# The data

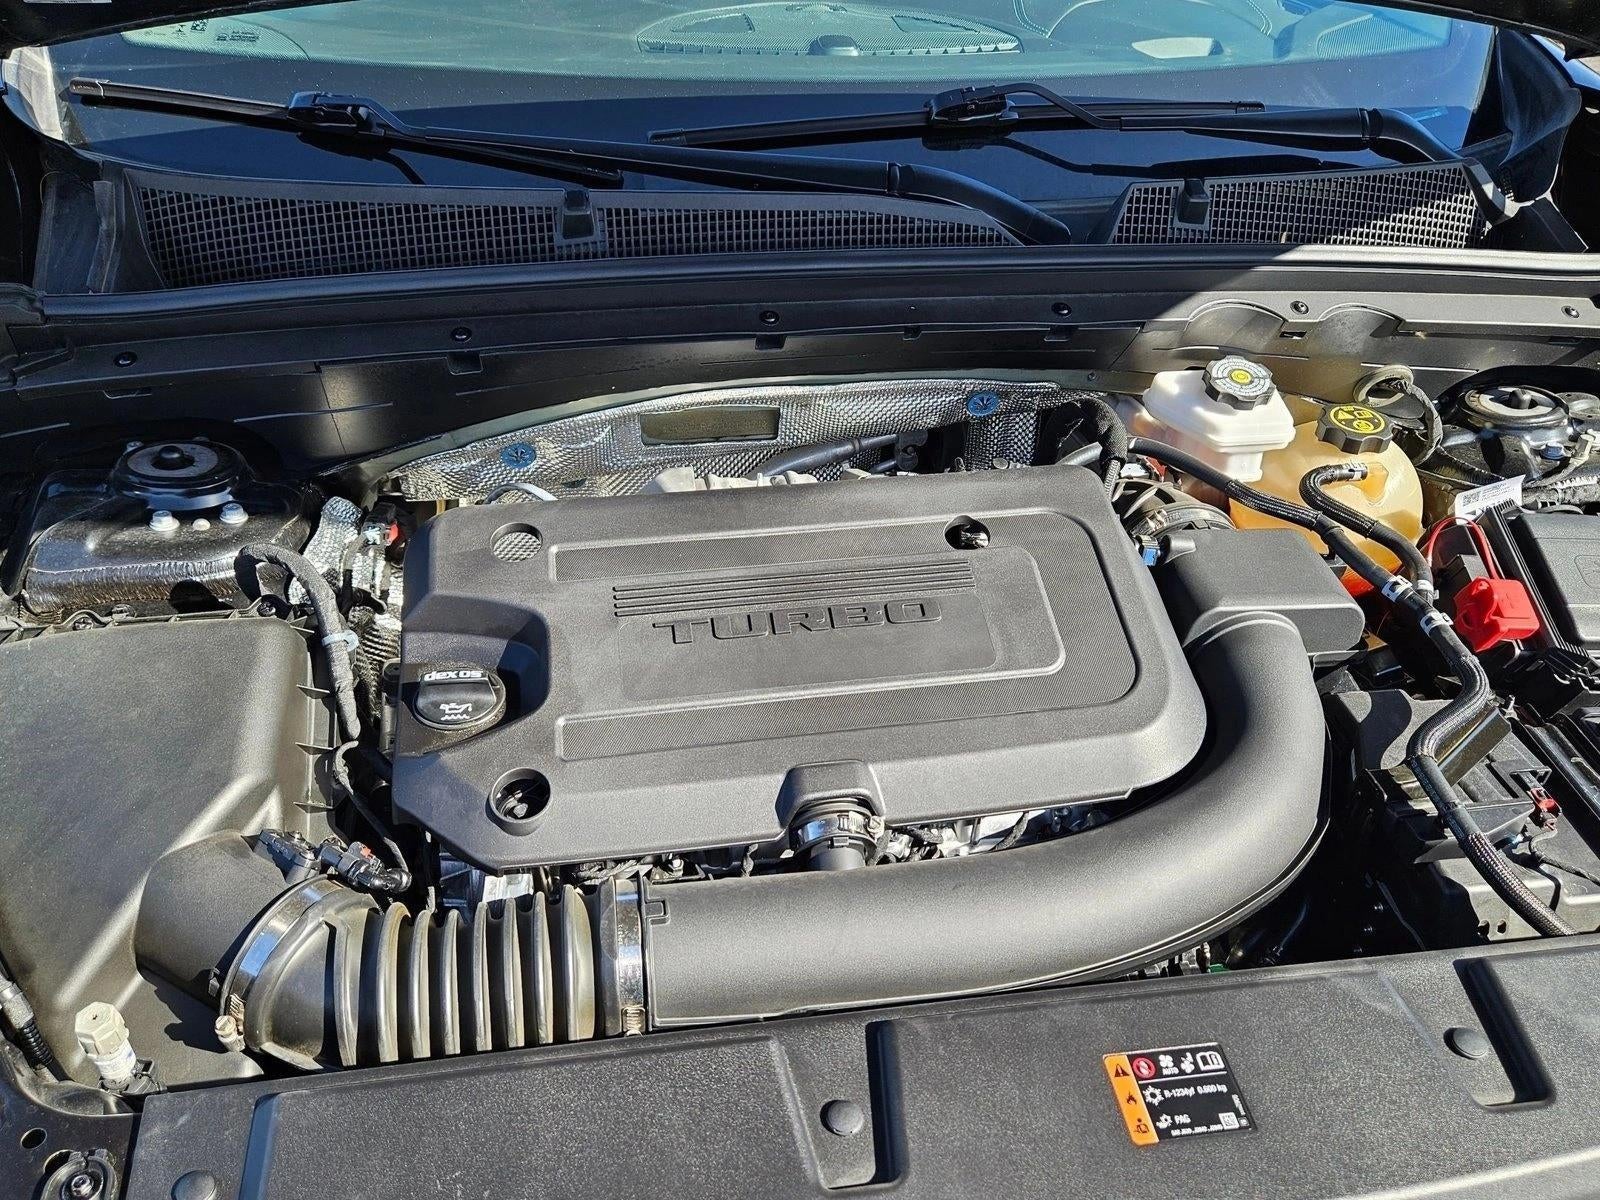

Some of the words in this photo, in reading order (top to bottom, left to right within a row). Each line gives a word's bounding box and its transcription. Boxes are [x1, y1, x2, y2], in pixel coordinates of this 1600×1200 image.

[652, 601, 942, 644] TURBO
[424, 670, 483, 681] dexos
[1163, 1086, 1195, 1098] R-1234yf
[1216, 1083, 1228, 1094] kg
[1174, 1114, 1191, 1125] PAG
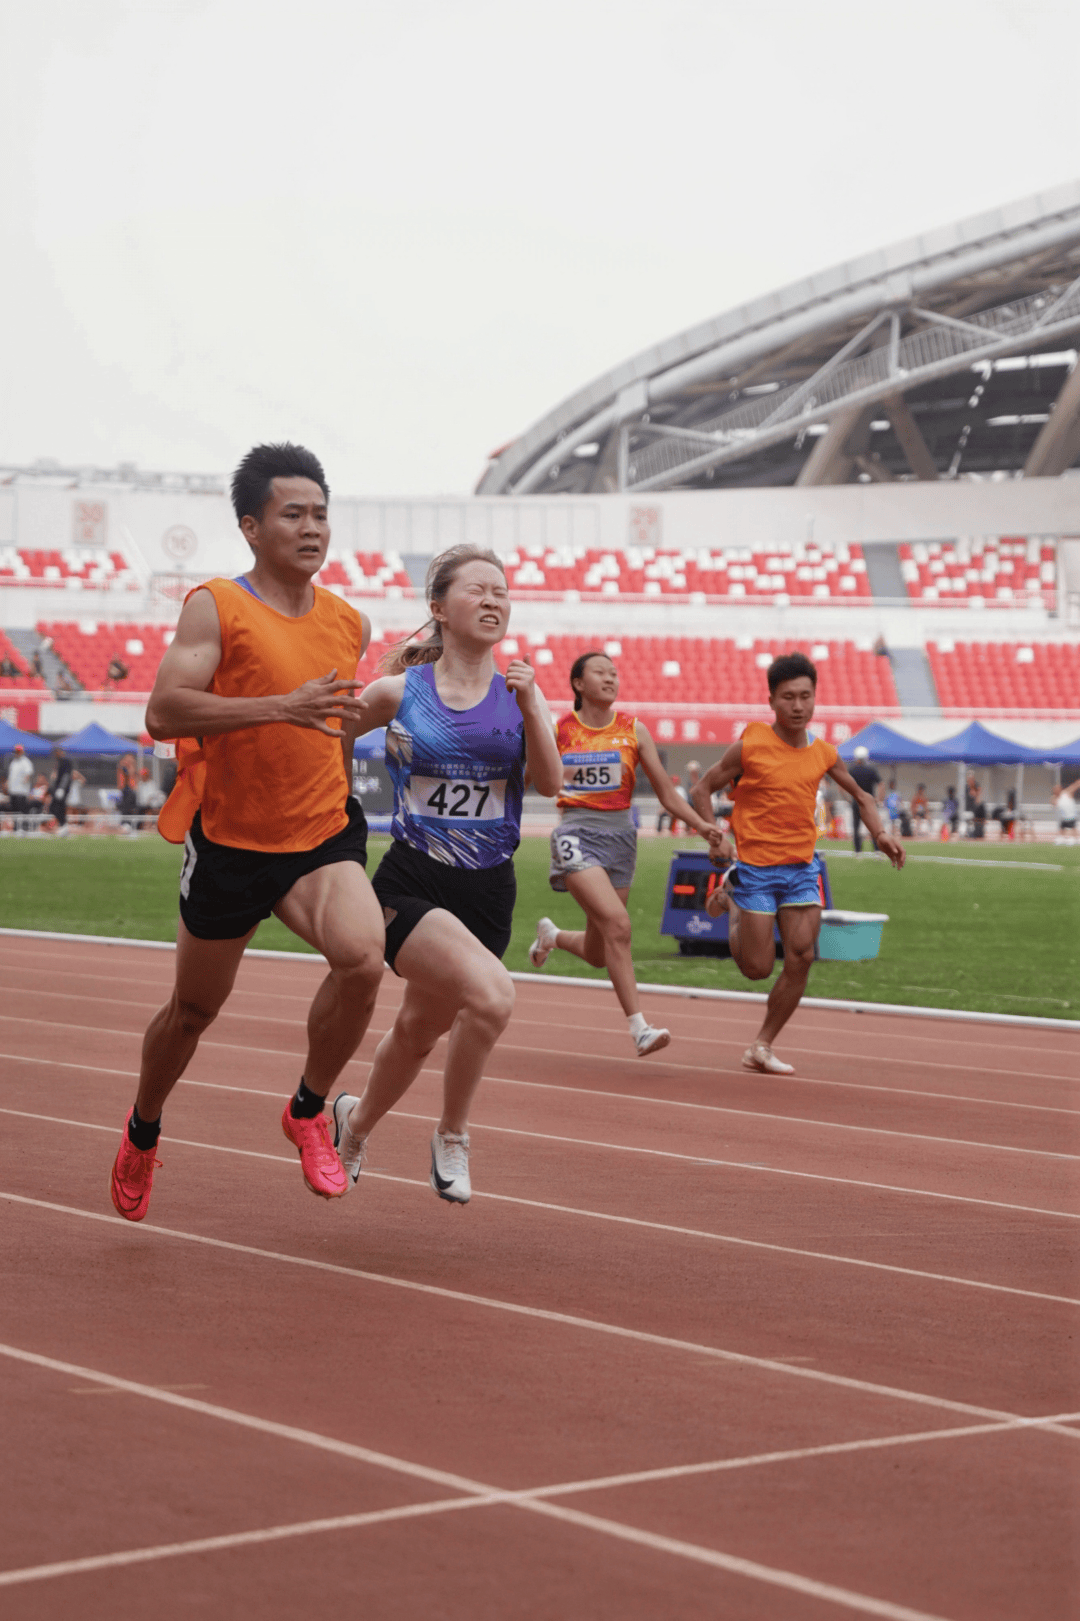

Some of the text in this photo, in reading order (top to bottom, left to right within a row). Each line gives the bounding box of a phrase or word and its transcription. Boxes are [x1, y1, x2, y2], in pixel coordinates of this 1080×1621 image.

[573, 766, 610, 785] 455
[427, 783, 490, 817] 427
[560, 840, 574, 861] 3

# What is expected
Retype every entry word for word, but do not carry over the pictures.

# Answer section
Some of the words in this photo, in reading order (top to bottom, left to right within a row). Each line gives a word's bounding box and its transcription. Boxes are [x1, y1, x2, y2], in pixel coordinates of this 1600×1200 image.

[652, 601, 942, 644] TURBO
[424, 670, 483, 681] dexos
[1163, 1086, 1195, 1098] R-1234yf
[1216, 1083, 1228, 1094] kg
[1174, 1114, 1191, 1125] PAG

Some of the text in this photo, in reading order (top to bottom, left to right within a row). Each line gives the bounding box of a phrase or word and its transcription. Boxes are [x1, y1, x2, y2], in pixel coordinates of this 1080×1621 image.

[573, 766, 610, 785] 455
[427, 783, 490, 817] 427
[560, 840, 574, 861] 3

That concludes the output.